Luring U.S. kids gaining traction?

Long before he was Pete Sampras' coach, before he reached No. 12 in the world, or the quarterfinals at Wimbledon in 1984, Paul Annacone was a Bollettieri kid.

He logged thousands of hours at Nick Bollettieri's tennis academy in Bradenton, Fla. There, banging with the best and the brightest young players in the game, he learned -- he earned -- the craft of tennis.

When Annacone's son, Nicholas, who had been raised in the culture of tennis, asked at the age of 10 to go to Bollettieri's, his father had his back-in-my-day speech ready. To be as good as you can possibly be, he said, it's going to take a lot of hard work and sacrifice. It's time in the gym and the classroom; it's five, six hours a day on the sun-baked courts. It might even mean missing parties and other social events.

Nicholas' eyes widened.

"His answer, it was very honest," Annacone said. "He said, 'I don't know if I'm interested. No, Dad, I don't think I want to do that.'"

Annacone wants you to know that his son is not "a lazy slacker." He's 22 now and attends his father's alma mater, the University of Tennessee. Nicholas was just a typical, path-of-least-resistance American kid.

"These days, kids are thinking their life is pretty good," Annacone said, sounding like any parent over 40. "They've got their Game Boy, PlayStation, Sony, Wii.
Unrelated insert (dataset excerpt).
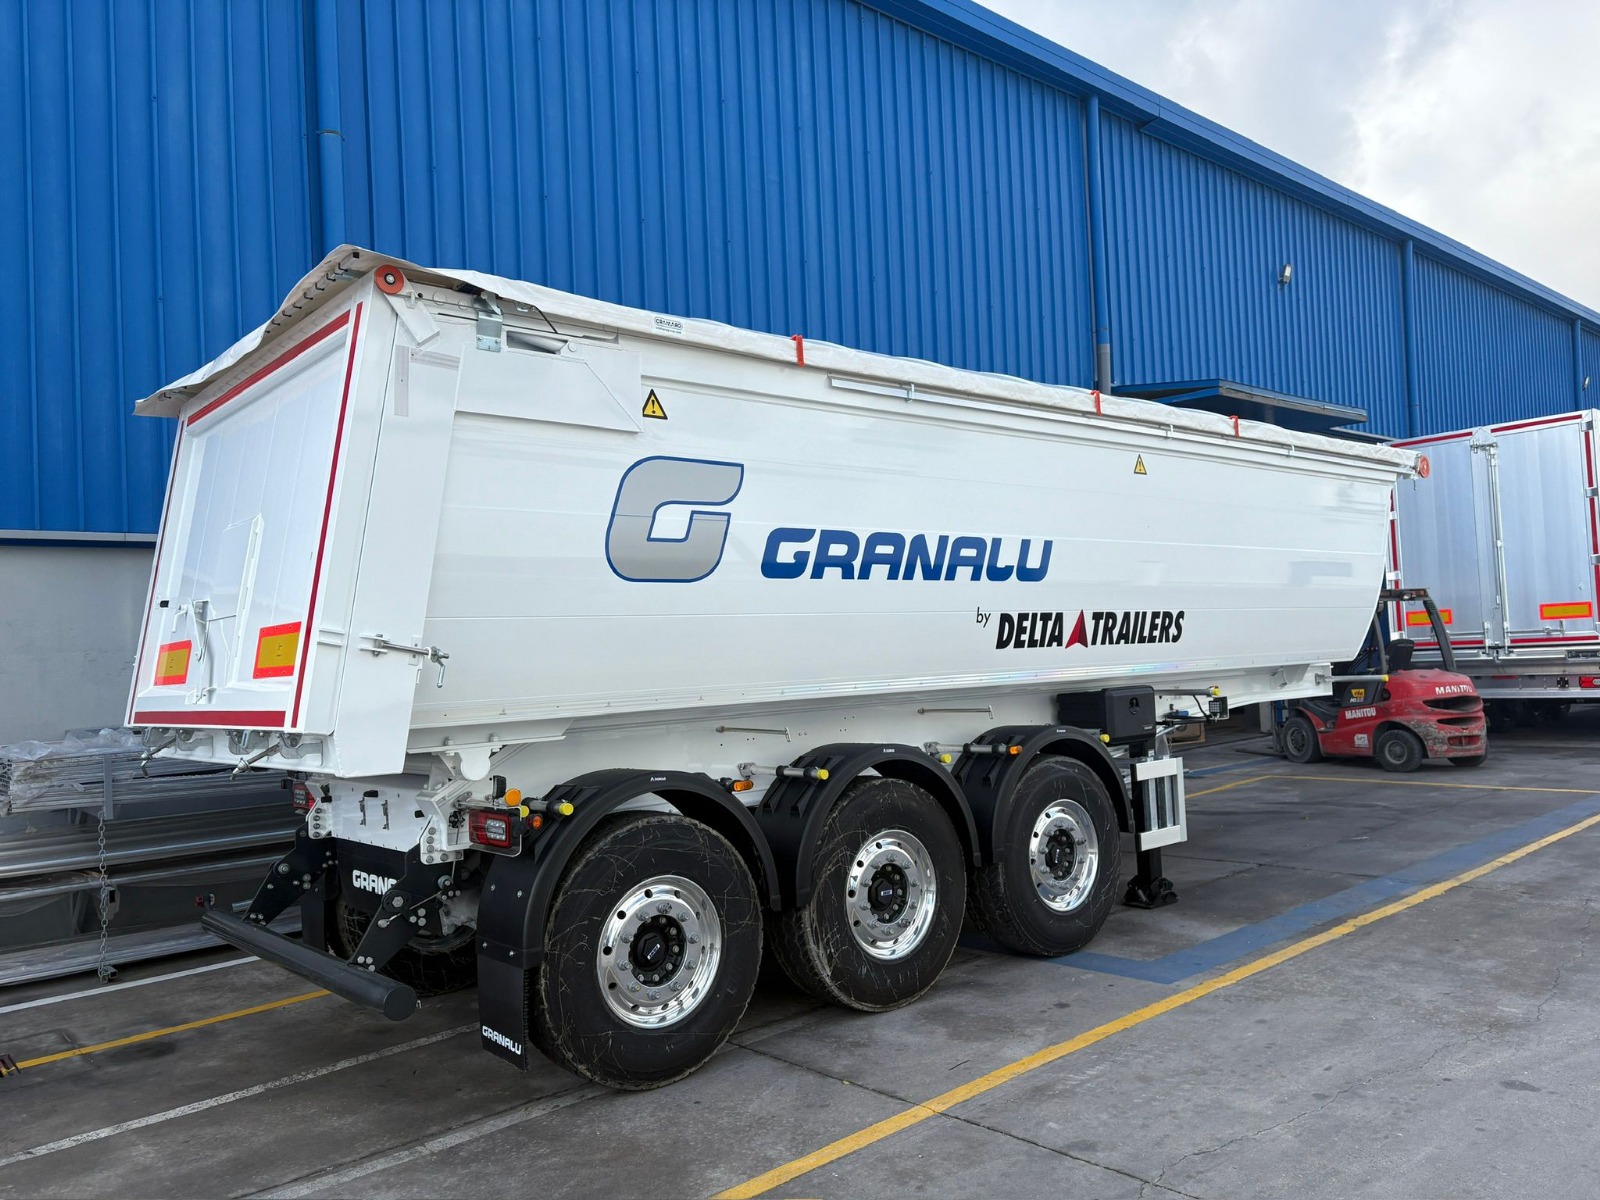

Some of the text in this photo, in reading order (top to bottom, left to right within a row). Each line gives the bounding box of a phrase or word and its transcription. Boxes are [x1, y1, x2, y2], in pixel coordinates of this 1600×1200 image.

They're getting decent grades in school, hanging out with their girlfriend."

Mastering the sport of tennis is an exceedingly difficult proposition. It requires athleticism, strength and endurance -- and mental toughness. Relentlessly running down that small bouncing ball, adjusting to its changing geometry, well, it's not as fun as texting.

"We're in the dreaded middle ground of real exercise and bona fide skill development, which puts us in the category of ultra-challenging, skill-developing sport," longtime player Todd Martin observed. "That's one of our greatest limitations.
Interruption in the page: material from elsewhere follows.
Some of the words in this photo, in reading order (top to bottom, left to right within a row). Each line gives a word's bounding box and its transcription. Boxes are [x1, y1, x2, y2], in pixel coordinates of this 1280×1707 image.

"When you pick up a basketball, all you have to do is put it through the hoop. A kid does it once, he wants to do it again because it reminds him of LeBron or Kobe. Nothing a kid does on a tennis court can remind him of what he sees in Federer or Nadal."

College tennis, once the preserve of U.S. country club kids, is now far more diverse. In this year's NCAA championships, 21 of the 40 singles players were from outside the United States.

Back in the late 1970s and early '80s, when American tennis was in full flower, typically more than half of the top 100 ranked players on the men's and women's sides were Americans. Today, there are eight U.S. men in the ATP's top 100 and five U.S. women in the WTA's top 100 -- one of them Varvara Lepchenko, a U.S. citizen who was born in Uzbekistan.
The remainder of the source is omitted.